Friday, April 29, 2011

bee it

now and then i get to rep the skagit valley food co-op at local events.  i go to fairs of all sorts and sit and stand and chat and laugh.  i hand out brochures about functional foods and maps of walking trails.  sometimes i have free samples of strawberry/banana flax swirl or packets of tea.  now and then there's a raffle basket stuffed with random items like protein powder and gluten-free crackers.  i talk to strangers.

i try to tailor the information to the event.  my boss-lady, wow- i suddenly love that title and will do my best to call jodie this from now one, is real good at helping me out with this.  she packs up the info, prints out the parking passes and stocks the rolling basket with extra copies of anything i might need.  so for the women's health fair there was lots of nutrition information and at the farm-food-fair there was lots of local farm conversations and informations.  and last night, for the mount vernon high school, there were bees.

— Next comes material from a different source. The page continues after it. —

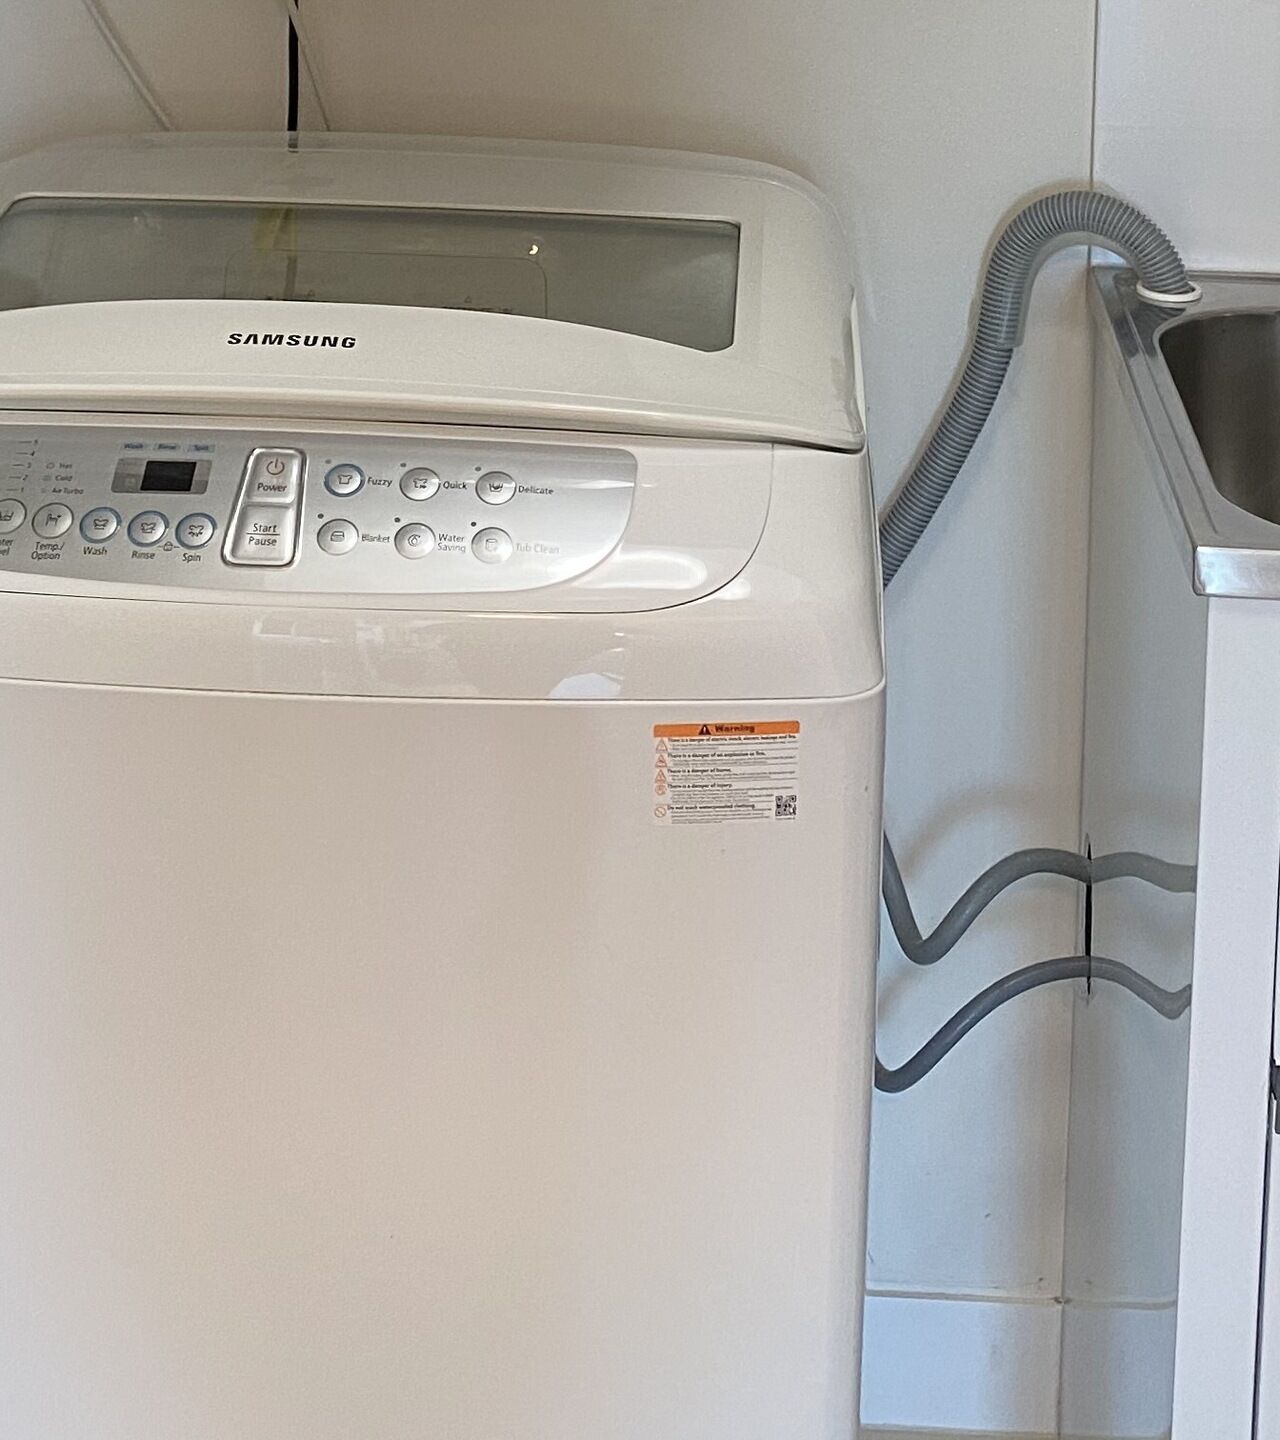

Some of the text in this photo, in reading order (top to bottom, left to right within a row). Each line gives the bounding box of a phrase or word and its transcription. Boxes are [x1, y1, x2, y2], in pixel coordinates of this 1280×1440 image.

last weekend i missed the opportunity to watch the documentary "Vanishing of the Bees" which my co-op showed as part of Earth Day- the one day in the last 157 that was sunny- and i could not go inside for anything more than water.  i thought about the movie and thought about the bees several times though.  bees are a theme for me.  let me explain further.

first- i remember my mom having a bee hive in our suburban backyard of torrance, california.  i remember watching her put on her white, webbed hood and tend to them.  i was in the garage- terrified of the bees- staring out through the dusty window- sitting atop the coarse worktable littered with screws and wires.  it seems we only had bees for a short while, but there was a mystery to it all that still pulls at me.

then- i find a free book in the staff lounge on goddesses and ceramics.  two of my favorite things.  maybe it was more than that- but those are the two things that stand out.  i still have this book.  as i was flipping through it i stopped at a tile of a bee goddess.  her head and torso are human.  she has wings instead of arms.  her hips are wide and stripped and come to a point, a stinger.  and when you see the bee goddess once- you see her everywhere.  she's there in the museum of pueblo art in albuquerque painted on a pot by a hand long since gone that used a thin strip of yucca as a paintbrush and dirt as paint.  she's there in my random sketches, in the slim margins of space in my brain left over after a day of mothering, and she's outside right now- in my neighbor's yard, in the beehive that sits under the plum tree.

this knowledge of bee as goddess is deep and true.  and like much deep and true knowledge we have lost touch with it in our daily life.  most know that bees are good.  we like honey.  we like flowers.  we like fruit and veggies.  oddly enough, it may be that our interest in honey and flowers actually harms bees.  some bees are fed sugar-water so the honey can be harvested for us.  some flowers and fruits and veggies are sprayed with pesticides to keep them "healthy" only to reek havoc on the bees.  worst still, some pesticides are "systemic" which means it becomes part of the dna of the bees, and maybe, anything- anyone else who also eats that plant.  maybe their dna shifts too.

so as science night got closer i wanted to share knowledge about bees, and as a first step i watched the movie.  i thought my kids could watch it with me, but twenty minutes into it seren deemed it too sad to watch and went outside to play.  he would wander back in and yell at the television "why can't they stop using pesticides?!"  at one point, both boys gone outside, i just broke down crying.  was it the knowledge that 2 billion bees disappeared one day from the rolling hills of california? or the way the french beekeepers protested outside of Bayer corporation?  or maybe just a simple shot of a bee flicking through a sunflower?  i don't know what set me off- that's not unusual really- but suddenly this simple bee, which is not so simple really, she was me.  she is me.

what we do to nature we do to ourselves, because we are nature.  we forget it.  we hide it.  we deny it.  but there is nothing that impacts a bee, a frog, a field, a fire that does not impact us.  all the elements that are within us are from this earth.  when the immune system of bees are weakened by the systemic pesticides making them more susceptible to parasites, fungus and virus- our immune systems are weakened.  when the nervous system of bees are impacted to the point that young bees forget the dance- or maybe never were able to learn it-  and cannot find their way back home- then our youth also have trouble learning how to dance, how to find home.

i went to this fair with this movie and handwritten signs tacked onto a burlap-covered foam board.  i sat across from taylor's shellfish farm where i watched mollusks clean-up murky water and next to paccar who make peterbuilt trucks near the skagit county dump- and everytime a person stopped at my table i would ask "have you heard about colony collapse disorder?"

that's what it is called- the vanishing of the bees.  because when the bees don't come home- the colony collapses.  in truth, the science isn't there to even tell us for certain what is happening to the bees- but i told each one of those people about systemic pesticides because it is no doubt part of the problem.  and getting them out of our food, our air, our water, our bees, our heads, our beds, our lives- well, i think that's part of the solution.

and you should listen to me.  because i am a bee goddess.  good news- so are you.